The 401K Trust
Our preferred self-direction tool is the Solo 401K Trust (also called the Individual 401K Trust or Owners 401K Trust). There are a number of reasons for this: It reduces custodian fees and eliminates transactional fees, some better UBIT tax rules, and the penalties for prohibited transactions aren’t quit as bad. You can also fund it faster than an IRA and even when you can’t contribute to an IRA! It starts by creating a Solo 401K Trust (the “Plan”). This trust then opens a bank account at just about any bank. Then you transfer your 401K money from your current custodian (or start making contributions) to the trust’s bank account. Then, boom, you have complete control over your retirement money. There are even ROTH and TRADITIONAL options for you and your spouse!
BENEFITS OF THE 401K Trust:
Custodians charge transaction fees each and every you buy or sell an investment, collect rent or make a payment.

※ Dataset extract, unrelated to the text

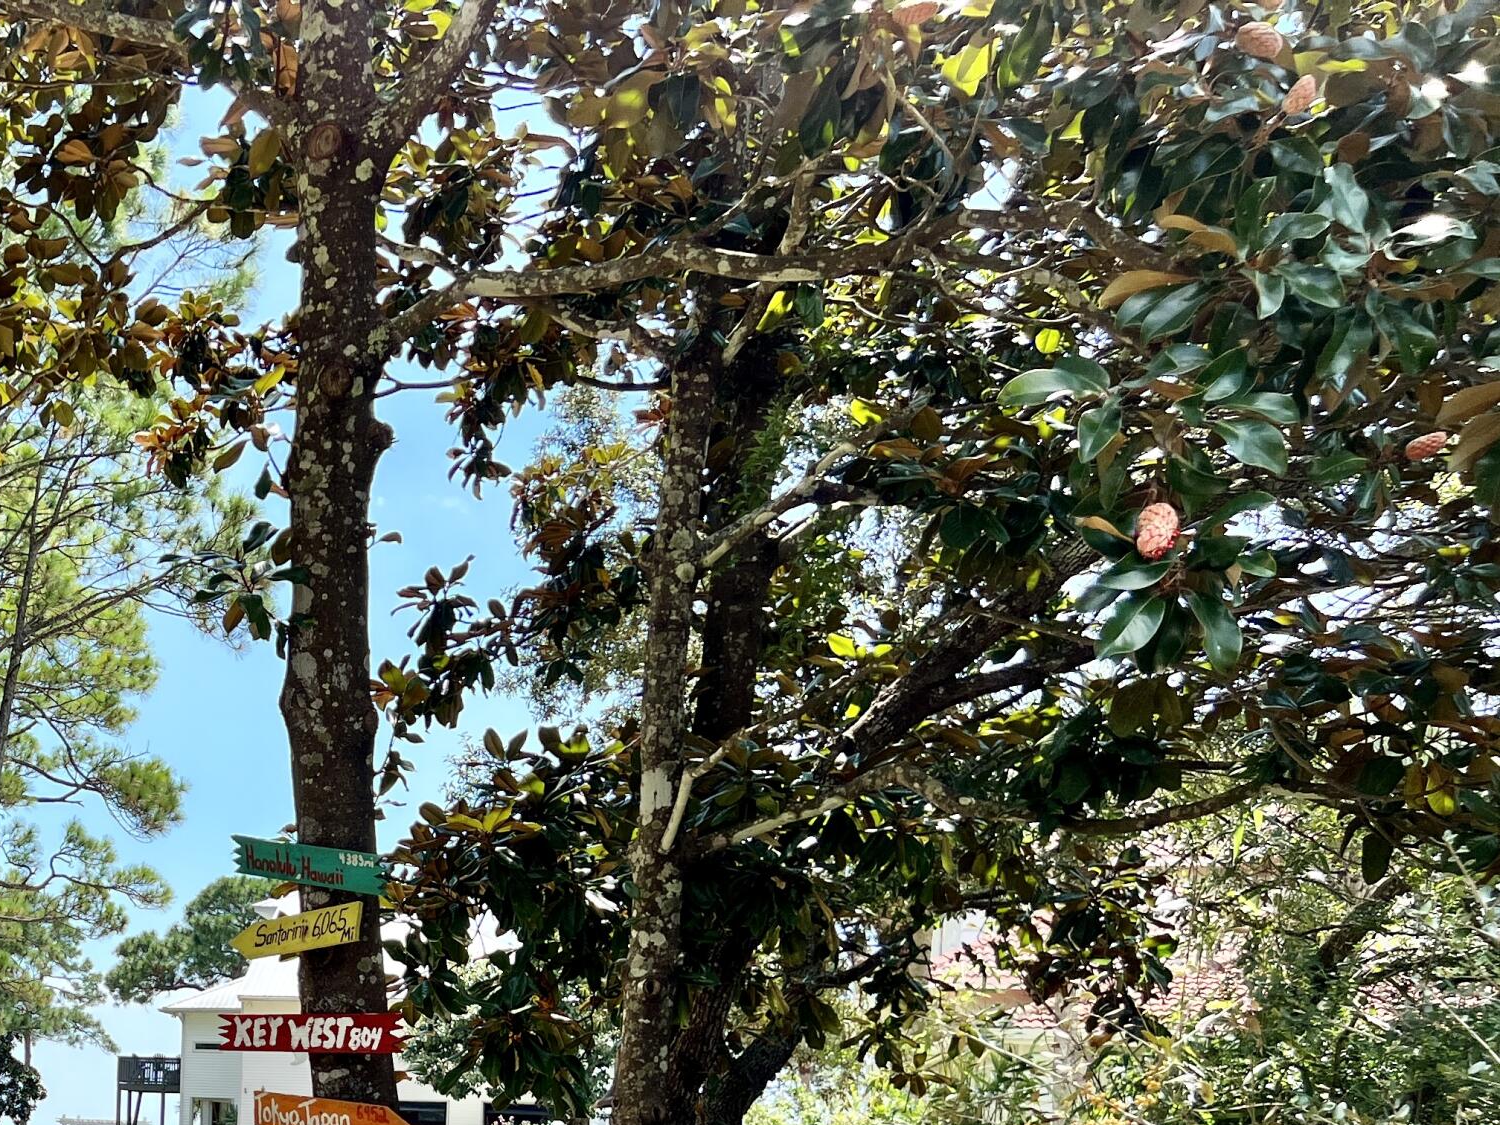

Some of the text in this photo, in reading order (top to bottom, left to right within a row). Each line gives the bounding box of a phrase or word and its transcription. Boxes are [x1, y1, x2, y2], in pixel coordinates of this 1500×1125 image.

[301, 856, 344, 885] Hawaii
[233, 1016, 284, 1048] KEY
[288, 1016, 354, 1050] WEST

Since the 401K trust does not require a custodian, there are NO transaction fees. Also, some custodians charge a yearly fee based on the value of your account, this can get pretty large! With the 401K Trust, there is a flat yearly fee regardless of how much money you have in it.

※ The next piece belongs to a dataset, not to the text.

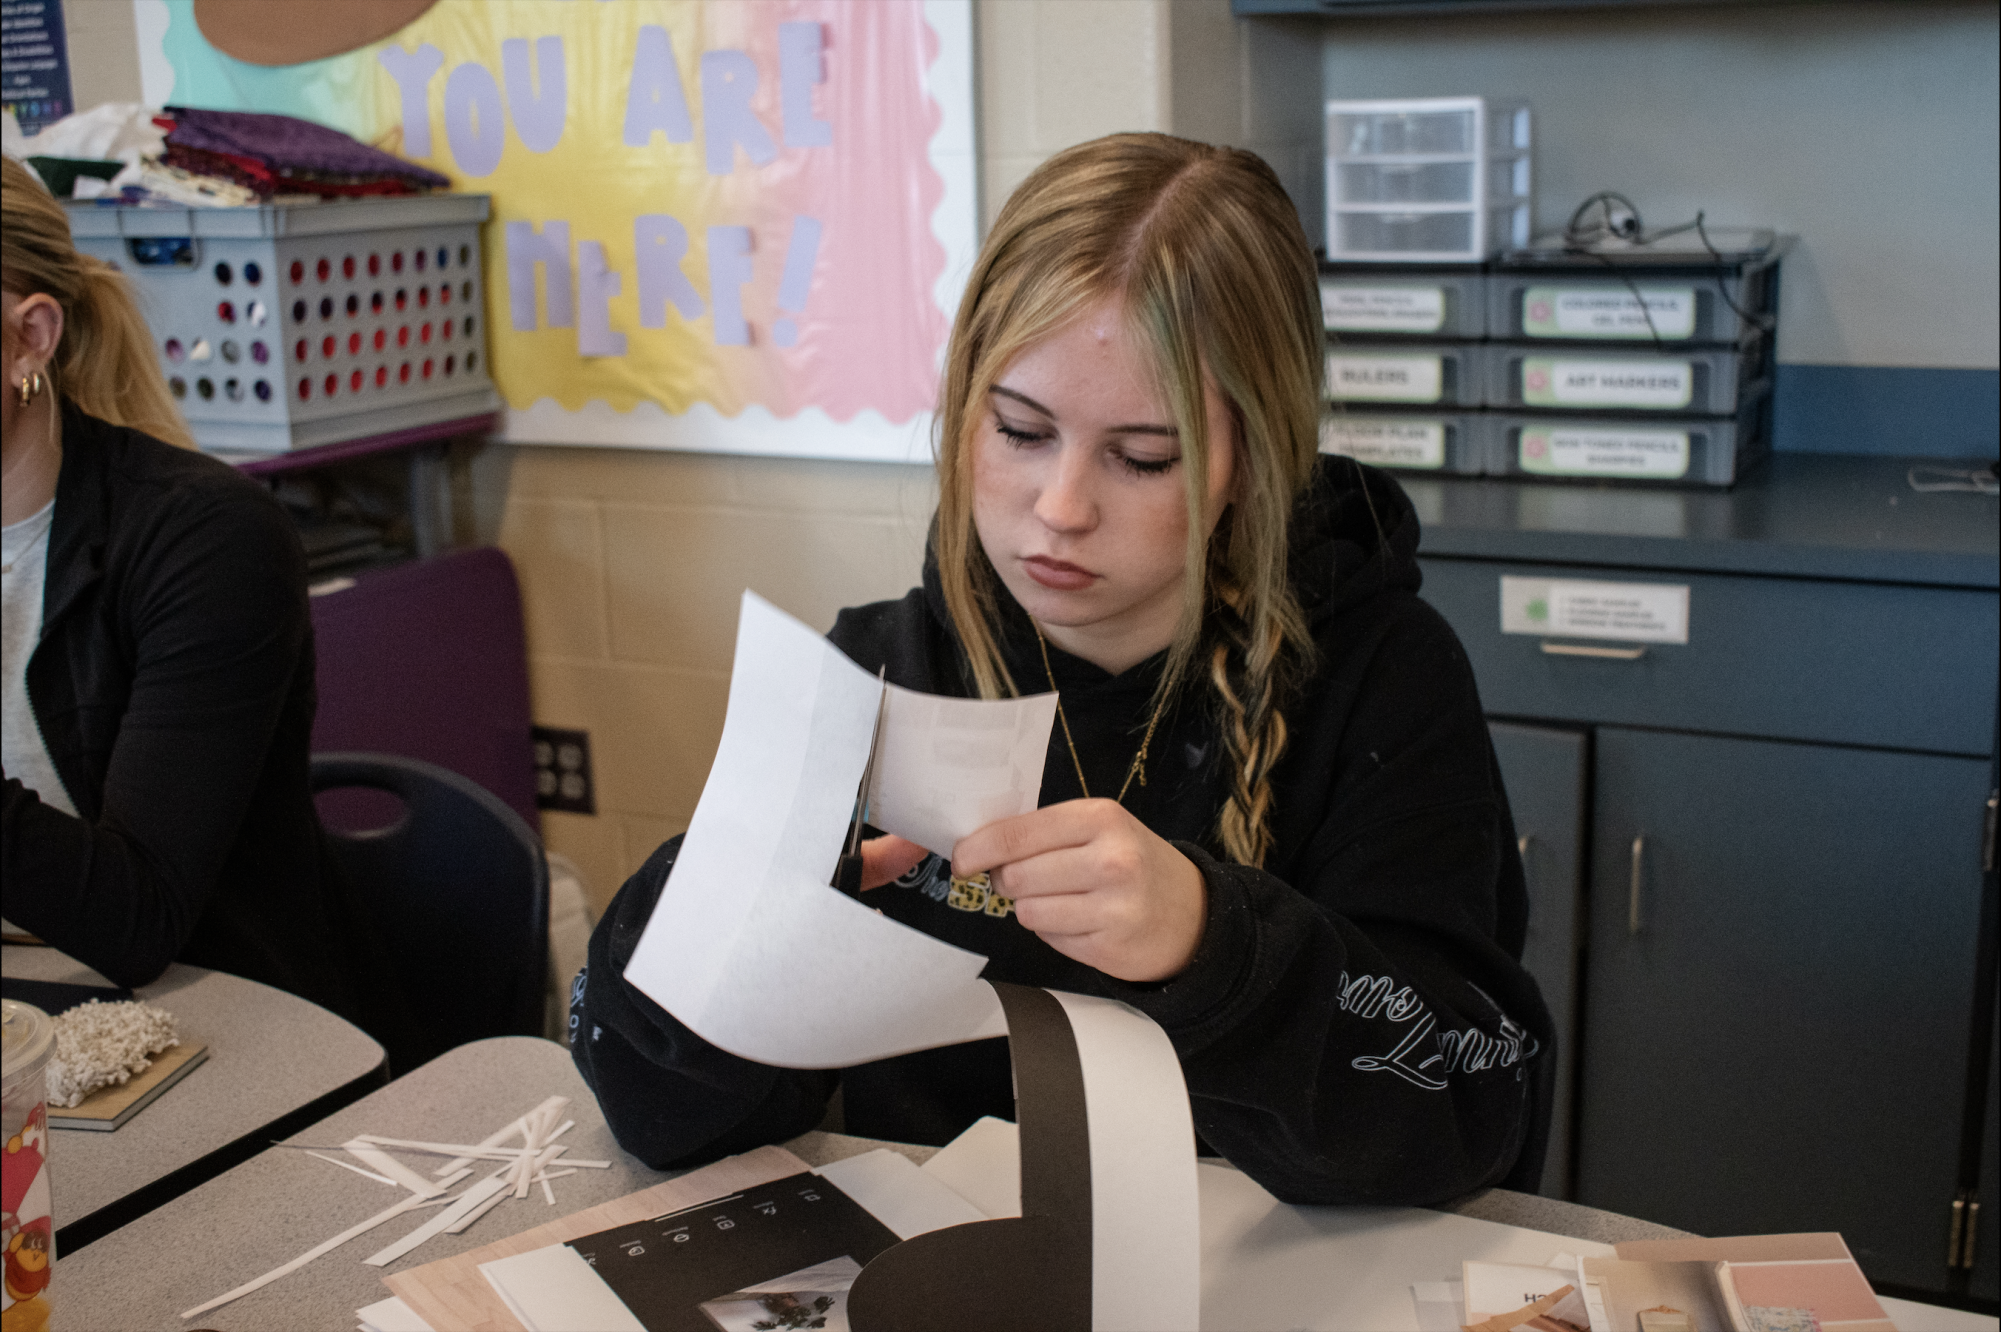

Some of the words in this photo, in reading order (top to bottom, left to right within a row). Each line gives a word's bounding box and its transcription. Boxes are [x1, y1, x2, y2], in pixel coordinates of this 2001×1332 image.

With a custodian, you have to fill out their paperwork, submit it, wait for them to process it, (pay the transaction fee) and then complete your investment. This can take a week, or longer if you don’t get the paperwork right. Again, with the 401K Trust, there is no custodian. Therefore, you can buy an investment as fast you are able to. This is critical when picking up those desirable investment opportunities.
Build it quicker!
401K accounts have higher contribution limits, even more the $50,000 a year! For most IRAs, a yearly contribution is limited to $5000. Therefore you can build your retirement faster in a 401K. Your contribution limits will depend on how much money you are making in the business entity that sets it up, but the potential is much higher.

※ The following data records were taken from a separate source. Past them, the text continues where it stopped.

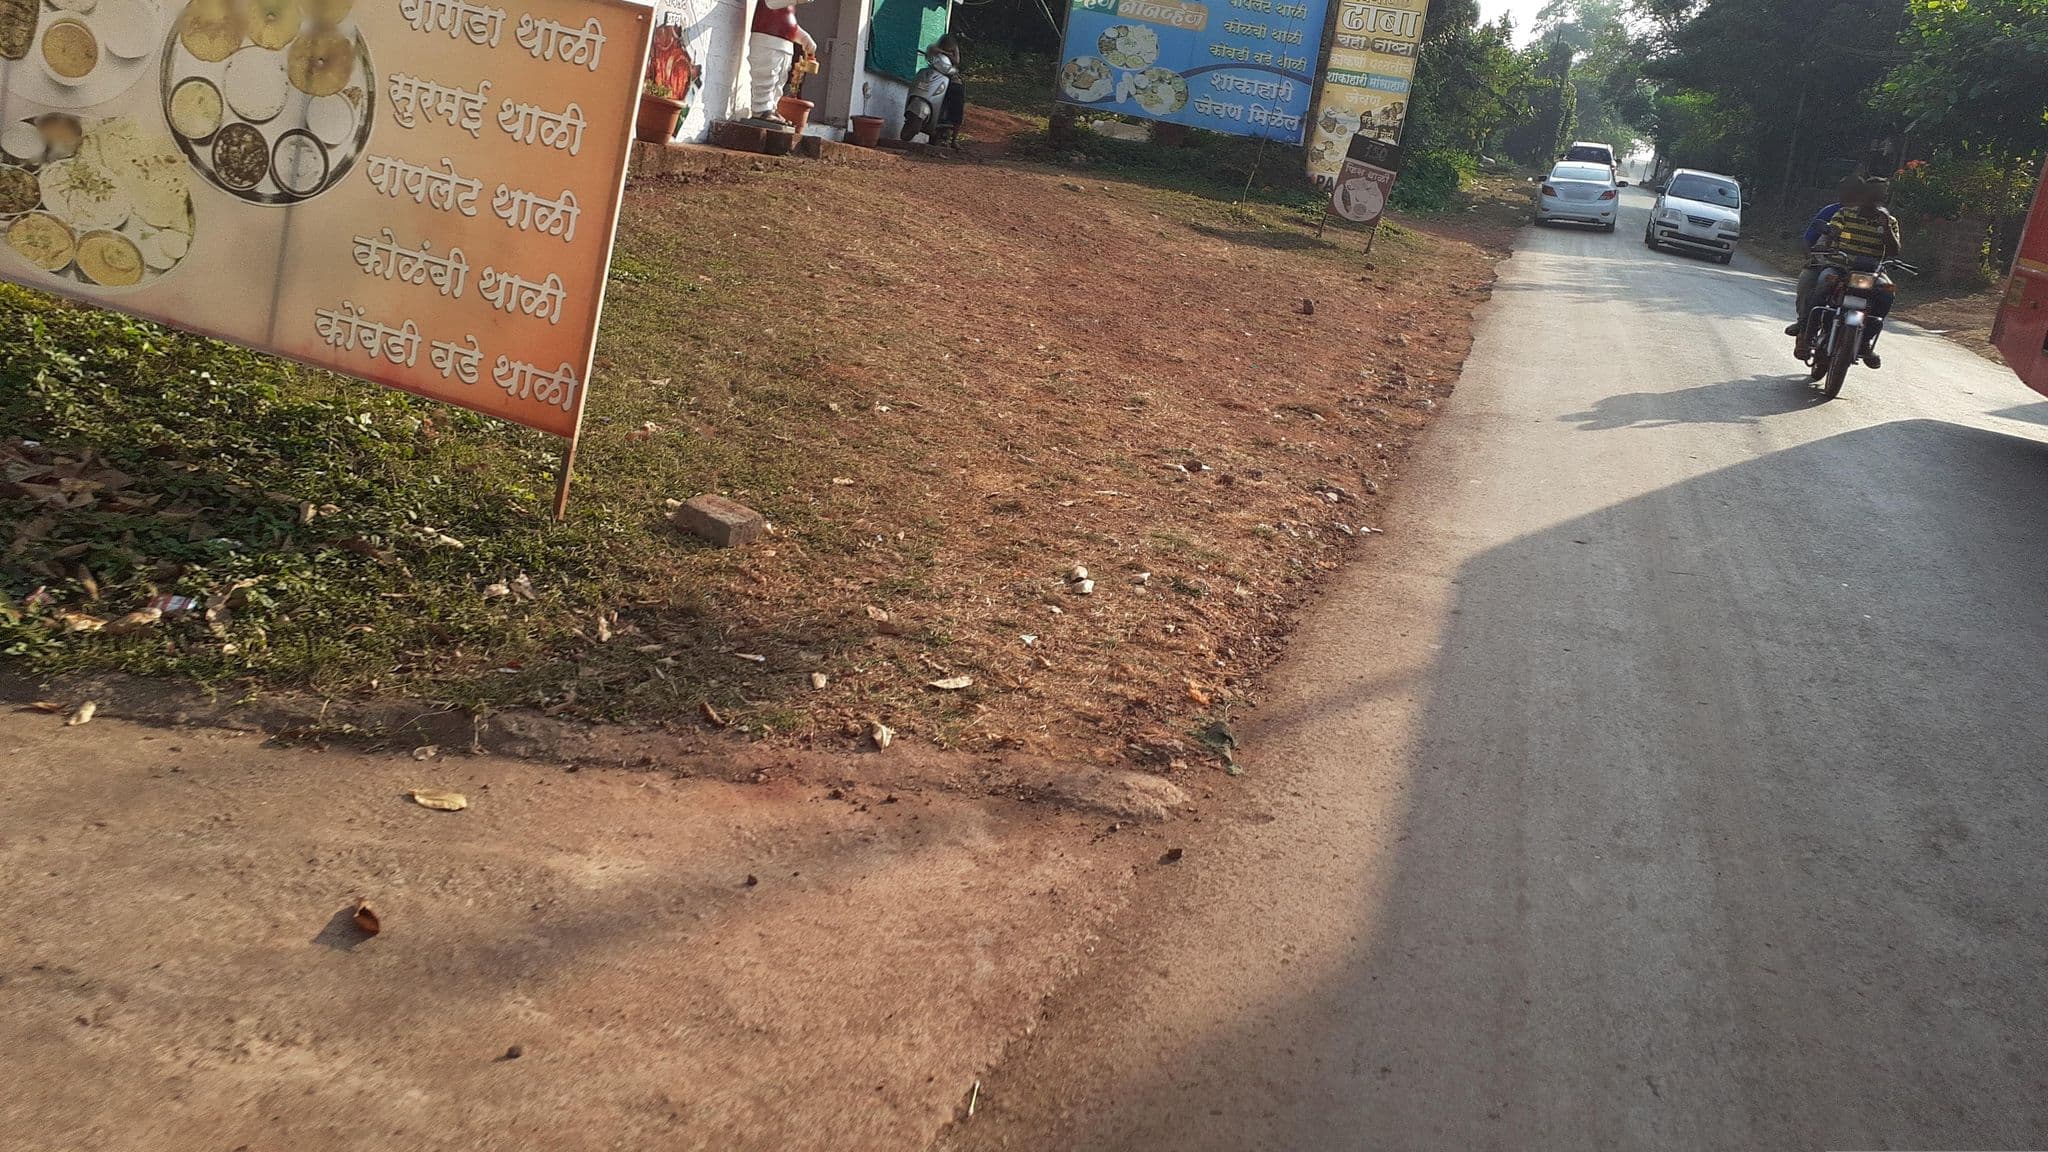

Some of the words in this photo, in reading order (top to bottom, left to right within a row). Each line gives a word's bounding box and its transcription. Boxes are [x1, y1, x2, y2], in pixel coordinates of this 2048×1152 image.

[1276, 3, 1307, 20] थाळी
[1342, 2, 1421, 38] ढाबा
[515, 12, 607, 71] थाळी
[1271, 28, 1304, 46] थाळी
[1337, 34, 1367, 50] चहा
[1277, 55, 1308, 72] थाळी
[1326, 71, 1367, 87] शाकाहारी
[1210, 72, 1294, 102] शाकाहारी
[388, 72, 492, 139] सुरमई
[498, 97, 587, 155] थाळी
[1193, 94, 1243, 120] जेवण
[1248, 103, 1301, 131] मिळेल
[366, 154, 483, 216] पापलेट
[492, 183, 581, 242] थाळी
[352, 228, 469, 298] कोळंबी
[478, 266, 566, 325] थाळी
[315, 301, 422, 367] कोंबडी
[430, 334, 484, 384] वडे
[492, 354, 579, 411] थाळी

Better on UBIT Taxes and Penalties!
While there may be some tax assessments on assets owned by your retirement accounts, 401Ks can own a leveraged (financed) rental property and not have a tax like it would if it was owned by your IRA. So you have more “tax free” options. Also, in the event of a prohibited transaction, the penalties aren’t as bad as if you did it in your IRA. NOTE: Prohibited transactions are a risk and you should understand how to avoid them.
You can borrower against it!
You can borrow against your self-directed 401K (like any 401K). Remember, as retirement accounts, you can’t touch the money until you are 50 1/2 years old. But in a pinch and you need some cash, you can personally borrow some of your 401K money while you cannot with your IRA money.
NOTE: Prohibited transactions and UBIT taxes are serious considerations when thinking about self-directing any retirement account. You should seek competent legal, tax and investment advice before proceeding. Nothing on the page, or website, is offered as legal, tax or investment advice. Breglio Law Office does NOT provide investment advice or opportunities.